Building better cities By Joan Clos*
n the economic history of humanity, urbanization has always been an accelerator of growth and development. The proximity of all the factors of production that occurs in the urban settings boosts efficiency because there are lower transaction costs; bigger, closer markets; and a natural tendency to form high-value areas of specialization. Indeed, it seems that no economy in the world to date has become prosperous without becoming urban. We are, of course, in the midst of massive urbanization. Already 55 percent of the world’s population lives in cities and this figure is likely to reach 70 to 75 percent in the next 30 or 35 years. That presents a challenge: what kind of urbanization will nurture sustainable growth? In my view, there are three areas that we need to address to ensure prosperous urbanization. First is the issue of adequate rules and regulations. Second is having a carefully thought-out urban design. And third is putting into place a financial plan that ensures adequate funding. When you analyze how cities create value and how economies of agglomeration or urbanization are created, it’s clear that you cannot succeed without addressing every one of these areas in parallel. In the first instance, it’s evident that the cities that generate the most value are those with the strongest legal frameworks; that is, the ones that have clear, intelligent rules that are consistently enforced. A productive city is an outcome of the rule of law. Why? Because no one wants to invest in a place where their property could be seized or their rights abridged. Just as important is the physical plan or design,
an area that has been neglected since the Second World War. This lack of attention has resulted in a lot of cities, especially in the emerging world, that are congested, polluted, and just not very pleasant. And that undermines the urban economy because people are less willing to invest in them.

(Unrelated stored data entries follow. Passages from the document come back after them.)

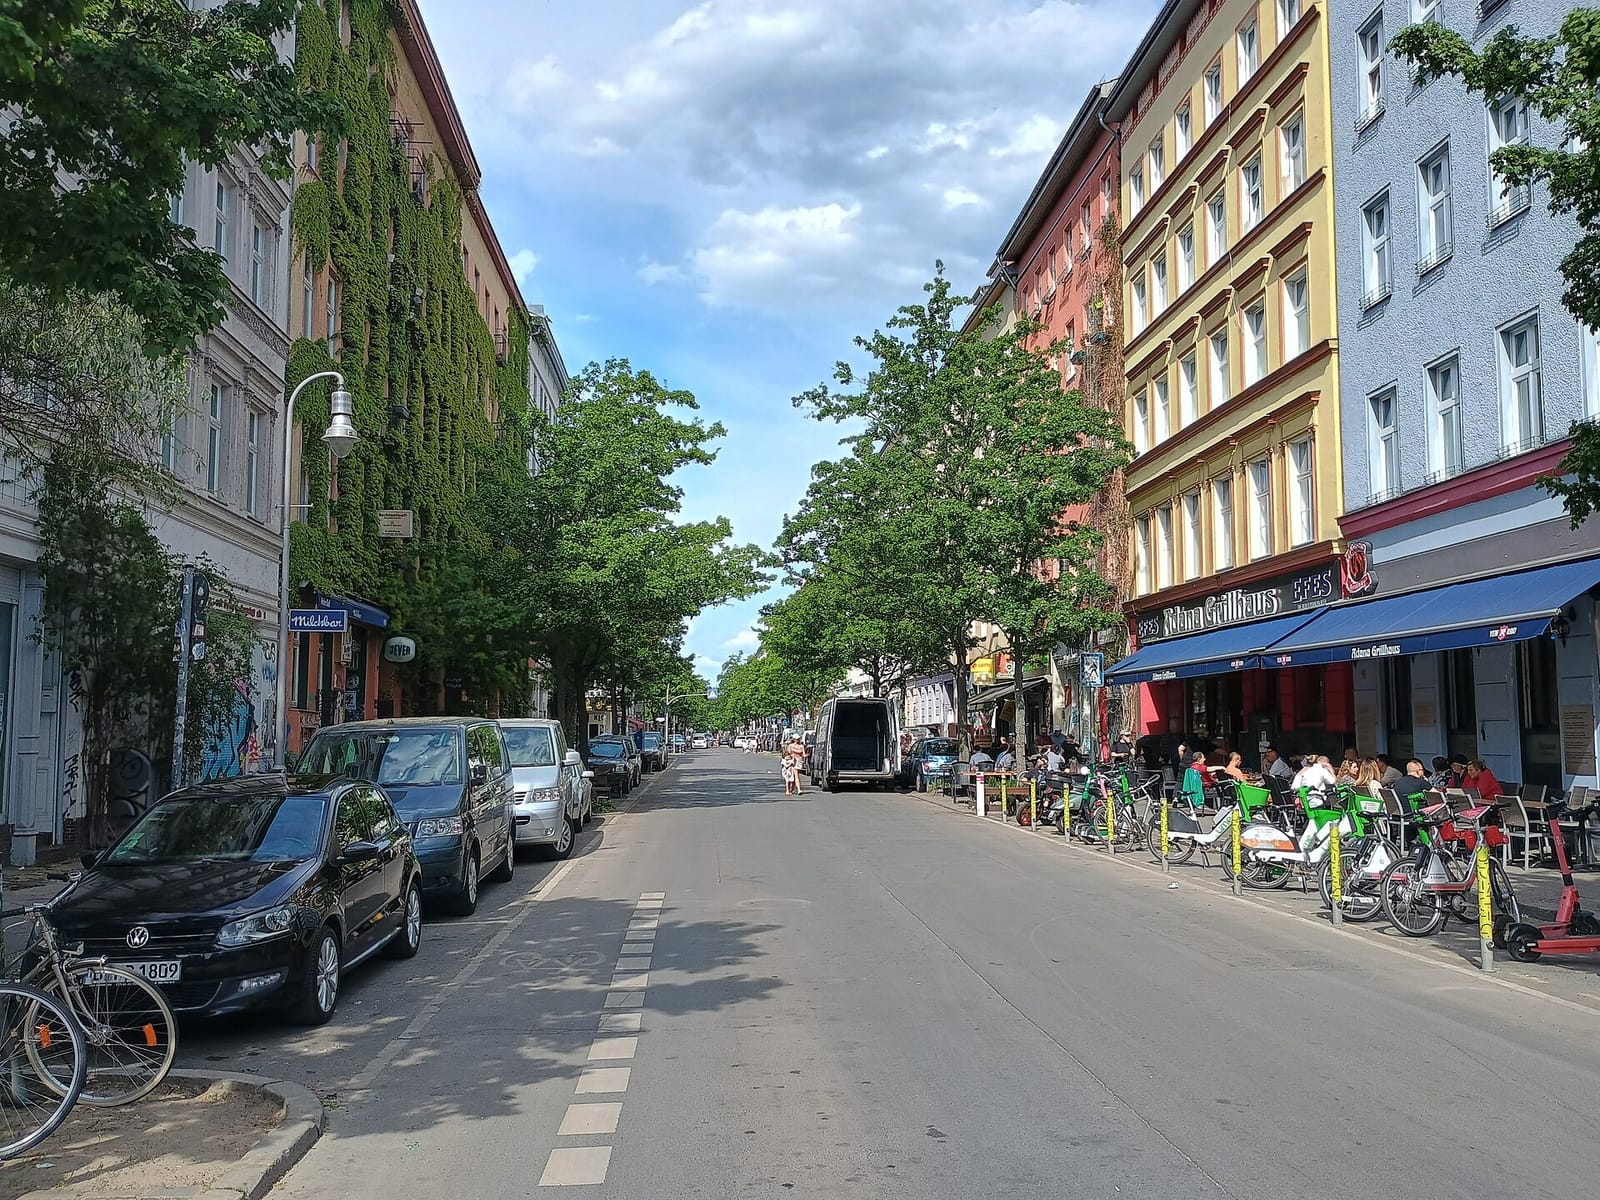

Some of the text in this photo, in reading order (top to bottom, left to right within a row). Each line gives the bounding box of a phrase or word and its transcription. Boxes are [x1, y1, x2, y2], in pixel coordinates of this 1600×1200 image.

[1293, 570, 1333, 602] EFES
[1162, 587, 1279, 636] Adana Grillhaus
[291, 615, 343, 628] Milchbar
[1138, 616, 1160, 638] EFES
[389, 644, 411, 657] JEVER
[1351, 643, 1401, 659] Adana Grillhaus
[1215, 816, 1232, 834] Lime
[139, 963, 178, 979] 1809
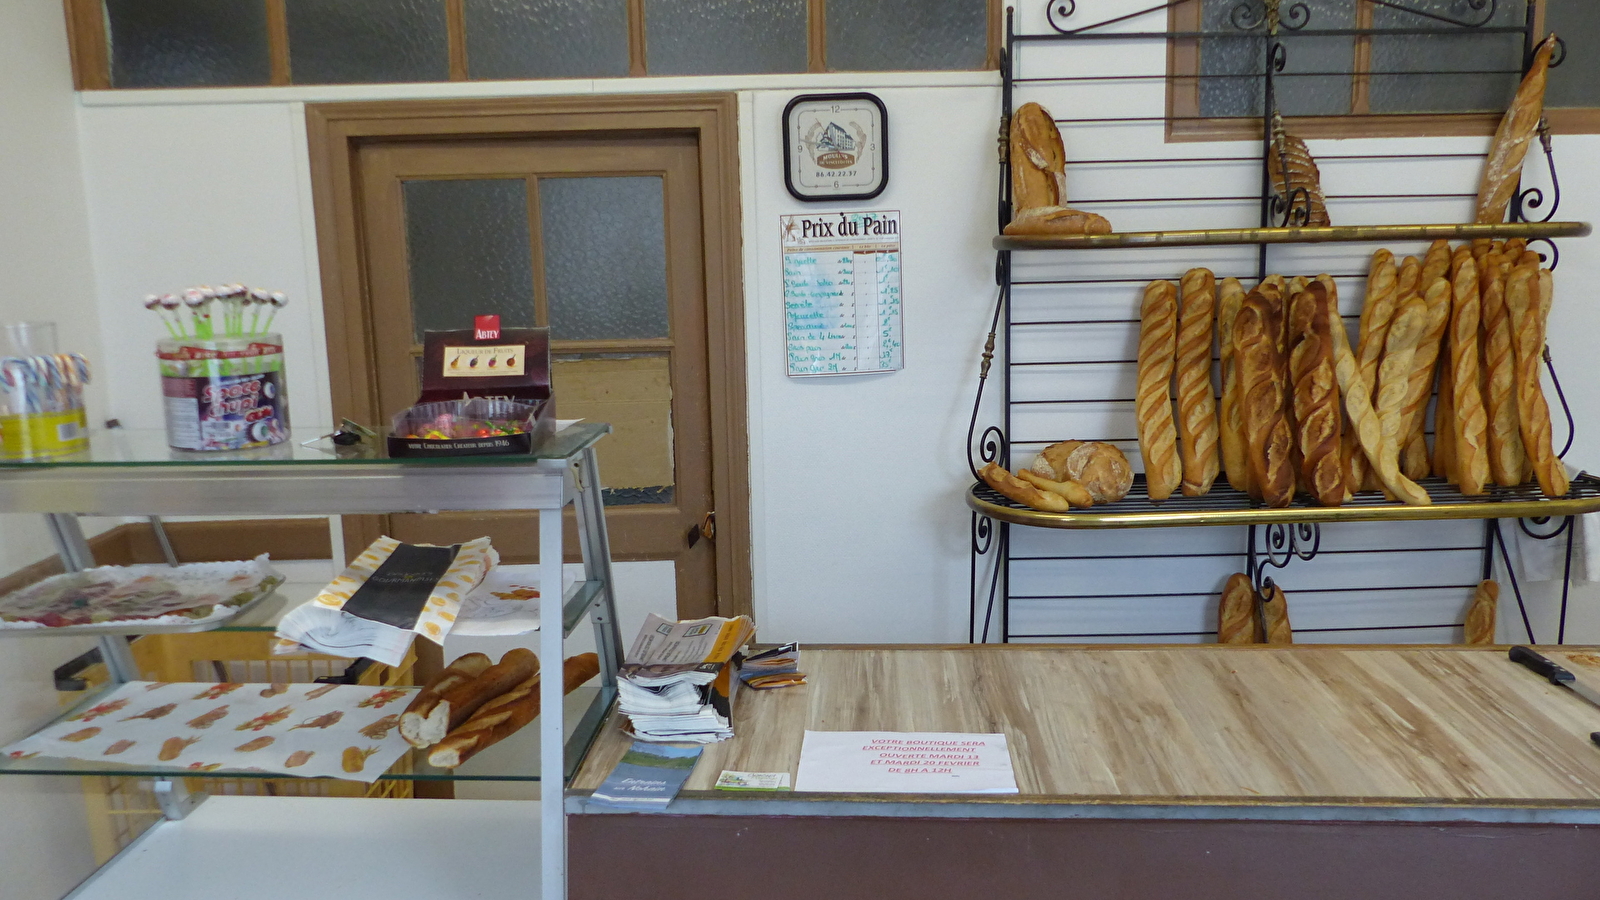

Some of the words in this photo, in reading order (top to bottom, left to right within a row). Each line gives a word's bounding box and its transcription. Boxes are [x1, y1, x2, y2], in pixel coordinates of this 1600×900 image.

[830, 105, 841, 114] 12
[797, 144, 803, 153] 9
[870, 143, 876, 151] 3
[833, 180, 840, 189] 6
[801, 217, 835, 239] Prix
[837, 215, 859, 237] du
[862, 214, 899, 236] Pain
[475, 329, 500, 340] ABTEY
[494, 439, 510, 447] 1946
[862, 745, 976, 753] EXCEPTIONNELLEMENT
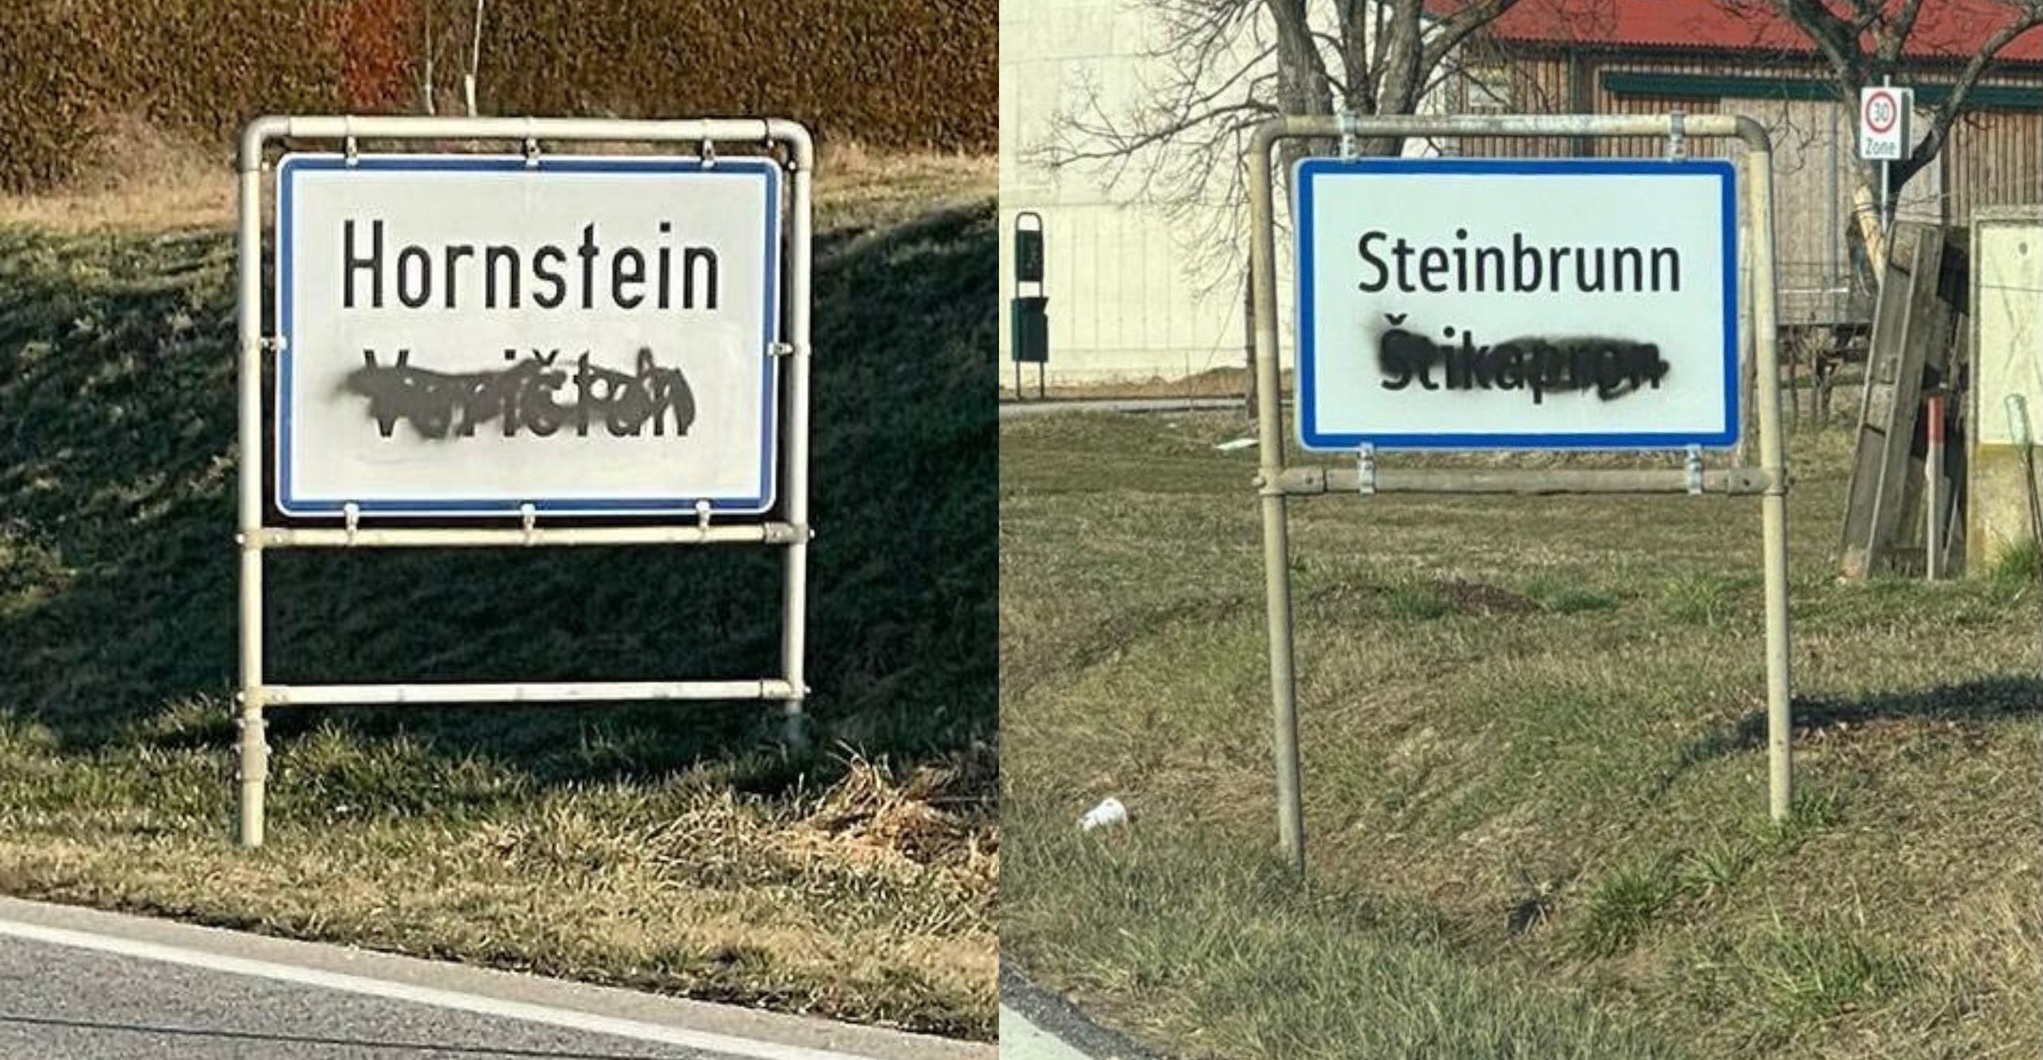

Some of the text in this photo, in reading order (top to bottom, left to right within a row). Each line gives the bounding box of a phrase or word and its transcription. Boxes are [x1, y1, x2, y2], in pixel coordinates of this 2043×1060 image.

[1873, 102, 1889, 123] 30
[1865, 137, 1896, 156] Zone
[343, 219, 719, 309] Hornstein
[1358, 228, 1681, 293] Steinbrunn
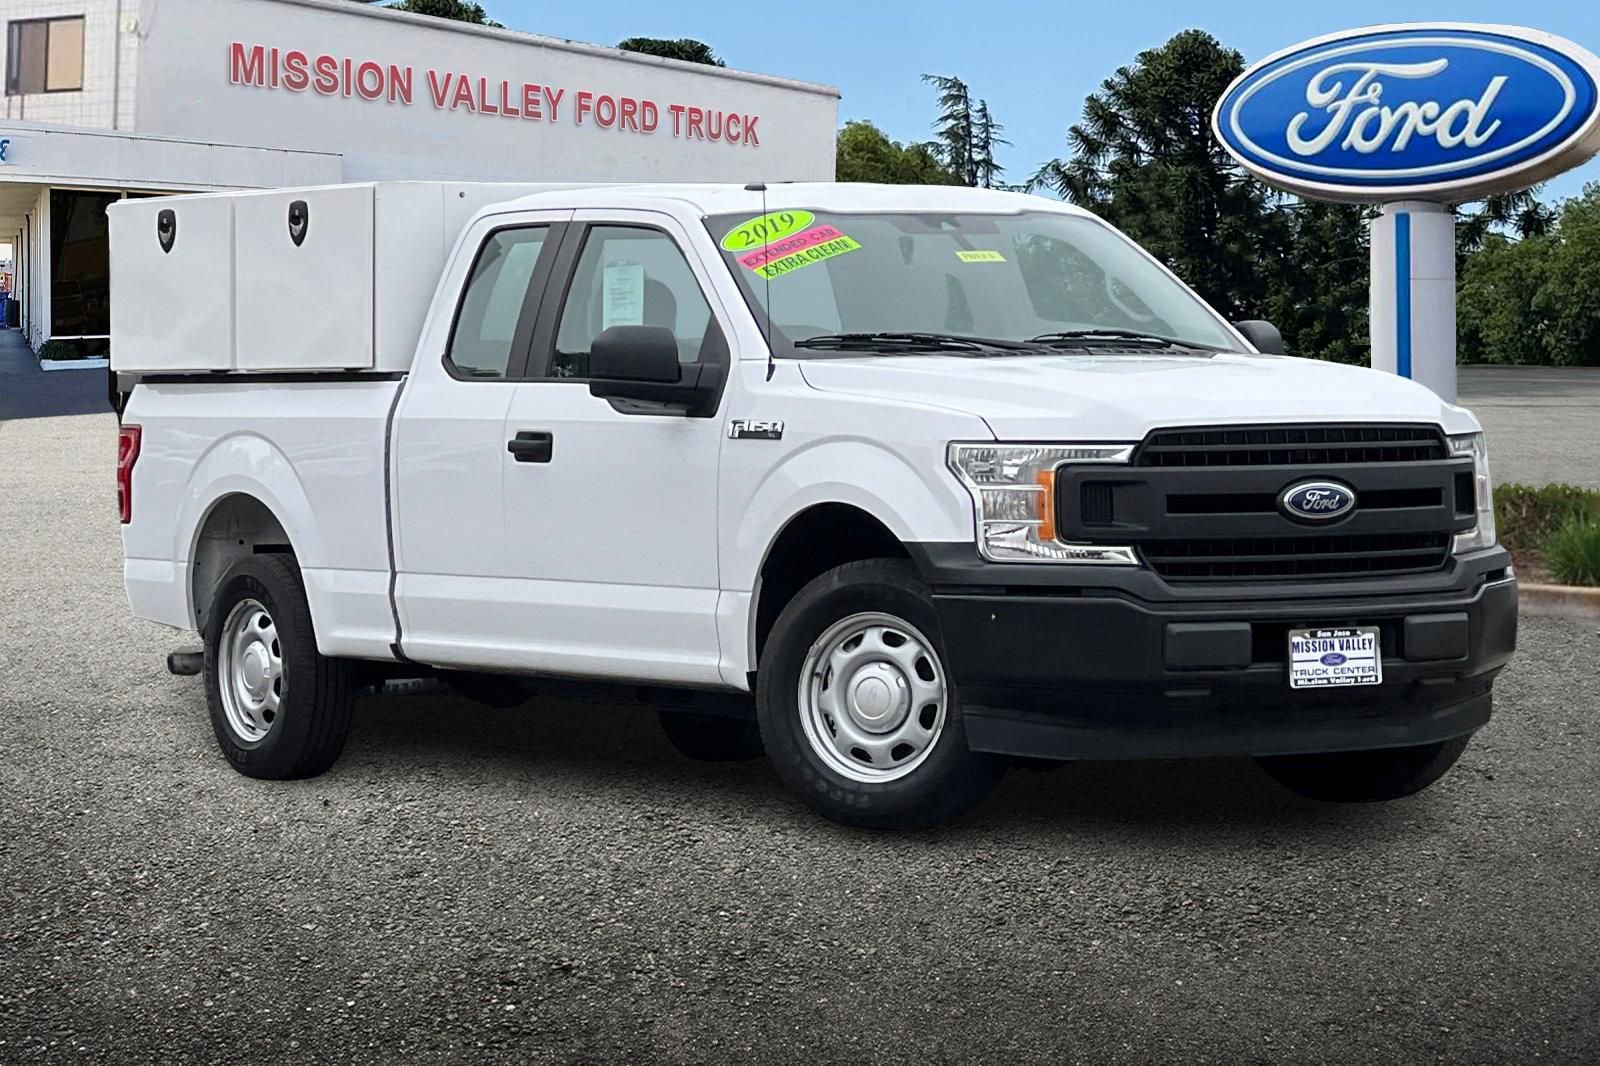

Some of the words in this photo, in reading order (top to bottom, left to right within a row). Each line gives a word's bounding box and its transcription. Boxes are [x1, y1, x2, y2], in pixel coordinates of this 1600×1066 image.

[230, 41, 413, 104] MISSION
[427, 69, 565, 122] VALLEY
[576, 90, 659, 134] FORD
[669, 104, 761, 145] TRUCK
[1286, 57, 1509, 156] Ford
[738, 213, 795, 246] 2019
[744, 238, 807, 266] EXTENDED
[762, 253, 808, 277] EXTRA
[806, 239, 849, 262] CLEAN
[1302, 490, 1340, 510] Ford
[1292, 640, 1335, 653] MISSION
[1339, 638, 1373, 651] VALLEY
[1325, 654, 1342, 664] Ford
[1294, 668, 1328, 677] TRUCK
[1333, 666, 1375, 675] CENTER

It’s especially important to address design early on because if you don’t, it is very difficult to do so once the city is established. Social and political issues emerge and it becomes a very complex and expensive process. Finally, a financial plan must also be put into place from the start. Urbanization generates a lot of value and, if managed well, should finance itself. But that only happens if you have a very rigorous plan. You need a plan for expenditures and maintenance and a plan for income. Urbanization must be supported by policy at the national level that leaves enough revenue with the city to sustain itself rather than siphoning it all off for other purposes. If all three of these issues are addressed, urbanization can begin to produce financial outcomes immediately. Initially, the construction phase becomes a source of employment. Later, the economies of agglomeration kick in and there’s a continuous process of increased productivity. I am optimistic. We are still in the middle of the process. We can still address the future of urbanization in a way that can guarantee a better future for all.
*Joan Clos is the executive director of the United Nations Human Settlements Programme and former mayor of Barcelona.